Goal of the exercise:
Provide the entries once more, identical in every word.

Spatial localization data:
········

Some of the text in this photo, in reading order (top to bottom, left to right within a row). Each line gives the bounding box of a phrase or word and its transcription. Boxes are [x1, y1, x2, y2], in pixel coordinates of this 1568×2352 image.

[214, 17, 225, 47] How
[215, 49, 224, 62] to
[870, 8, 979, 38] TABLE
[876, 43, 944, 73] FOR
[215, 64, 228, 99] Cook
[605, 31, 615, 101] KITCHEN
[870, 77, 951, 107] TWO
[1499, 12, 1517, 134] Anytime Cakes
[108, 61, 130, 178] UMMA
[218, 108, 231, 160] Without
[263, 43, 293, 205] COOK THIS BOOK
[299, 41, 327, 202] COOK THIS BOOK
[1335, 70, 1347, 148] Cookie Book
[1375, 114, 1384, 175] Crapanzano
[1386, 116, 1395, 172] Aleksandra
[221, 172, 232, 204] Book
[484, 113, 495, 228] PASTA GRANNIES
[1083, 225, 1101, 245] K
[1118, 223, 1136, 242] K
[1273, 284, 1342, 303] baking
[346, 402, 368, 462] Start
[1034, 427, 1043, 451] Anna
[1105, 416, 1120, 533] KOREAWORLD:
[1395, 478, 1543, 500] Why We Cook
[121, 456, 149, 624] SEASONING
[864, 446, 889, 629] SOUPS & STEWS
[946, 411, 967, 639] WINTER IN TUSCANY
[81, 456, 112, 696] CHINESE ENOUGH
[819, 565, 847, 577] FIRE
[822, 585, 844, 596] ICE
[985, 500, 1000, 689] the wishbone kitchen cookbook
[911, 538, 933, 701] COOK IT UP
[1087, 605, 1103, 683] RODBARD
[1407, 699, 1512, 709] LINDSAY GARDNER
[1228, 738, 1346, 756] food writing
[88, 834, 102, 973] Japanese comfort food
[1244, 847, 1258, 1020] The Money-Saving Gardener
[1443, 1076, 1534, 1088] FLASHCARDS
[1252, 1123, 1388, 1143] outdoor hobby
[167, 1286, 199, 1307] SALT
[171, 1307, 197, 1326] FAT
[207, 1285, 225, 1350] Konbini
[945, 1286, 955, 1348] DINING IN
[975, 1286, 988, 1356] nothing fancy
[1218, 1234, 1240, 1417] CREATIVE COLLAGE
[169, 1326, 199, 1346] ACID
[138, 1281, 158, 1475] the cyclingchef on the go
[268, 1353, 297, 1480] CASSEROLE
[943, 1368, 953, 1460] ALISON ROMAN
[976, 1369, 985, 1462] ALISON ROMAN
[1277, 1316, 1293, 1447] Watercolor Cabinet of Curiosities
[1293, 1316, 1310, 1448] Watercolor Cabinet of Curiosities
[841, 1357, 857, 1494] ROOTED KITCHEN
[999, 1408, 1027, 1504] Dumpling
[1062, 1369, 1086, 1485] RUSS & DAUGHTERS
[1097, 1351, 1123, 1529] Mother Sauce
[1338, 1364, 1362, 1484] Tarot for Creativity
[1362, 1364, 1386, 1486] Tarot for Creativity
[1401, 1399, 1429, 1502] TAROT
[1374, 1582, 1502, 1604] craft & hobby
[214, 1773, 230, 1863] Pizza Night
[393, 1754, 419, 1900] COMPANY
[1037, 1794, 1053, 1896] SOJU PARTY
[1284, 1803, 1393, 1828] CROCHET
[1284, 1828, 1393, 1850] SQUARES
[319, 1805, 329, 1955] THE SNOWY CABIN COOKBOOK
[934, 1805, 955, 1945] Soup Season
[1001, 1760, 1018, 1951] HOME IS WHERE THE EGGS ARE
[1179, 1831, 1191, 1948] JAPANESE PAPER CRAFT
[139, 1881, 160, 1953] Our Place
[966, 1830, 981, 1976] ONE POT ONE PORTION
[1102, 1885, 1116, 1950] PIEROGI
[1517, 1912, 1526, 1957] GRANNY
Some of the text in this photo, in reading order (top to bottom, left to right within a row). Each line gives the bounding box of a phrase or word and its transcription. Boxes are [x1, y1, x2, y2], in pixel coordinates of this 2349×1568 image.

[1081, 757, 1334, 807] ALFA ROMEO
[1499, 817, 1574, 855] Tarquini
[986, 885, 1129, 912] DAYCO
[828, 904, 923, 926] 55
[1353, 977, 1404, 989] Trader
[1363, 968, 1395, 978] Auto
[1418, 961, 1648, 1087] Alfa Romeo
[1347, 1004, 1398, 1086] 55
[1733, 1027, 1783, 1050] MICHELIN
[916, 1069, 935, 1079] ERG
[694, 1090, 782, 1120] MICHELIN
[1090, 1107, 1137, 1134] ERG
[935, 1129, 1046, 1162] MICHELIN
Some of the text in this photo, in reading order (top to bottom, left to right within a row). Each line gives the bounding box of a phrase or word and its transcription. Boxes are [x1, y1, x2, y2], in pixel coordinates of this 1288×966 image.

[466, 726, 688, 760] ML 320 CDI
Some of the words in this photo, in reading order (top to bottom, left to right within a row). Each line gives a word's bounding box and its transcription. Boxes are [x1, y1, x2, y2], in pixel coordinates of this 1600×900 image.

········

Expected answer:
Some of the text in this photo, in reading order (top to bottom, left to right within a row). Each line gives the bounding box of a phrase or word and its transcription. Boxes are [x1, y1, x2, y2], in pixel coordinates of this 1568×2352 image.

[214, 17, 225, 47] How
[215, 49, 224, 62] to
[870, 8, 979, 38] TABLE
[876, 43, 944, 73] FOR
[215, 64, 228, 99] Cook
[605, 31, 615, 101] KITCHEN
[870, 77, 951, 107] TWO
[1499, 12, 1517, 134] Anytime Cakes
[108, 61, 130, 178] UMMA
[218, 108, 231, 160] Without
[263, 43, 293, 205] COOK THIS BOOK
[299, 41, 327, 202] COOK THIS BOOK
[1335, 70, 1347, 148] Cookie Book
[1375, 114, 1384, 175] Crapanzano
[1386, 116, 1395, 172] Aleksandra
[221, 172, 232, 204] Book
[484, 113, 495, 228] PASTA GRANNIES
[1083, 225, 1101, 245] K
[1118, 223, 1136, 242] K
[1273, 284, 1342, 303] baking
[346, 402, 368, 462] Start
[1034, 427, 1043, 451] Anna
[1105, 416, 1120, 533] KOREAWORLD:
[1395, 478, 1543, 500] Why We Cook
[121, 456, 149, 624] SEASONING
[864, 446, 889, 629] SOUPS & STEWS
[946, 411, 967, 639] WINTER IN TUSCANY
[81, 456, 112, 696] CHINESE ENOUGH
[819, 565, 847, 577] FIRE
[822, 585, 844, 596] ICE
[985, 500, 1000, 689] the wishbone kitchen cookbook
[911, 538, 933, 701] COOK IT UP
[1087, 605, 1103, 683] RODBARD
[1407, 699, 1512, 709] LINDSAY GARDNER
[1228, 738, 1346, 756] food writing
[88, 834, 102, 973] Japanese comfort food
[1244, 847, 1258, 1020] The Money-Saving Gardener
[1443, 1076, 1534, 1088] FLASHCARDS
[1252, 1123, 1388, 1143] outdoor hobby
[167, 1286, 199, 1307] SALT
[171, 1307, 197, 1326] FAT
[207, 1285, 225, 1350] Konbini
[945, 1286, 955, 1348] DINING IN
[975, 1286, 988, 1356] nothing fancy
[1218, 1234, 1240, 1417] CREATIVE COLLAGE
[169, 1326, 199, 1346] ACID
[138, 1281, 158, 1475] the cyclingchef on the go
[268, 1353, 297, 1480] CASSEROLE
[943, 1368, 953, 1460] ALISON ROMAN
[976, 1369, 985, 1462] ALISON ROMAN
[1277, 1316, 1293, 1447] Watercolor Cabinet of Curiosities
[1293, 1316, 1310, 1448] Watercolor Cabinet of Curiosities
[841, 1357, 857, 1494] ROOTED KITCHEN
[999, 1408, 1027, 1504] Dumpling
[1062, 1369, 1086, 1485] RUSS & DAUGHTERS
[1097, 1351, 1123, 1529] Mother Sauce
[1338, 1364, 1362, 1484] Tarot for Creativity
[1362, 1364, 1386, 1486] Tarot for Creativity
[1401, 1399, 1429, 1502] TAROT
[1374, 1582, 1502, 1604] craft & hobby
[214, 1773, 230, 1863] Pizza Night
[393, 1754, 419, 1900] COMPANY
[1037, 1794, 1053, 1896] SOJU PARTY
[1284, 1803, 1393, 1828] CROCHET
[1284, 1828, 1393, 1850] SQUARES
[319, 1805, 329, 1955] THE SNOWY CABIN COOKBOOK
[934, 1805, 955, 1945] Soup Season
[1001, 1760, 1018, 1951] HOME IS WHERE THE EGGS ARE
[1179, 1831, 1191, 1948] JAPANESE PAPER CRAFT
[139, 1881, 160, 1953] Our Place
[966, 1830, 981, 1976] ONE POT ONE PORTION
[1102, 1885, 1116, 1950] PIEROGI
[1517, 1912, 1526, 1957] GRANNY
Some of the text in this photo, in reading order (top to bottom, left to right within a row). Each line gives the bounding box of a phrase or word and its transcription. Boxes are [x1, y1, x2, y2], in pixel coordinates of this 2349×1568 image.

[1081, 757, 1334, 807] ALFA ROMEO
[1499, 817, 1574, 855] Tarquini
[986, 885, 1129, 912] DAYCO
[828, 904, 923, 926] 55
[1353, 977, 1404, 989] Trader
[1363, 968, 1395, 978] Auto
[1418, 961, 1648, 1087] Alfa Romeo
[1347, 1004, 1398, 1086] 55
[1733, 1027, 1783, 1050] MICHELIN
[916, 1069, 935, 1079] ERG
[694, 1090, 782, 1120] MICHELIN
[1090, 1107, 1137, 1134] ERG
[935, 1129, 1046, 1162] MICHELIN
Some of the text in this photo, in reading order (top to bottom, left to right within a row). Each line gives the bounding box of a phrase or word and its transcription. Boxes are [x1, y1, x2, y2], in pixel coordinates of this 1288×966 image.

[466, 726, 688, 760] ML 320 CDI
Some of the words in this photo, in reading order (top to bottom, left to right within a row). Each line gives a word's bounding box and its transcription. Boxes are [x1, y1, x2, y2], in pixel coordinates of this 1600×900 image.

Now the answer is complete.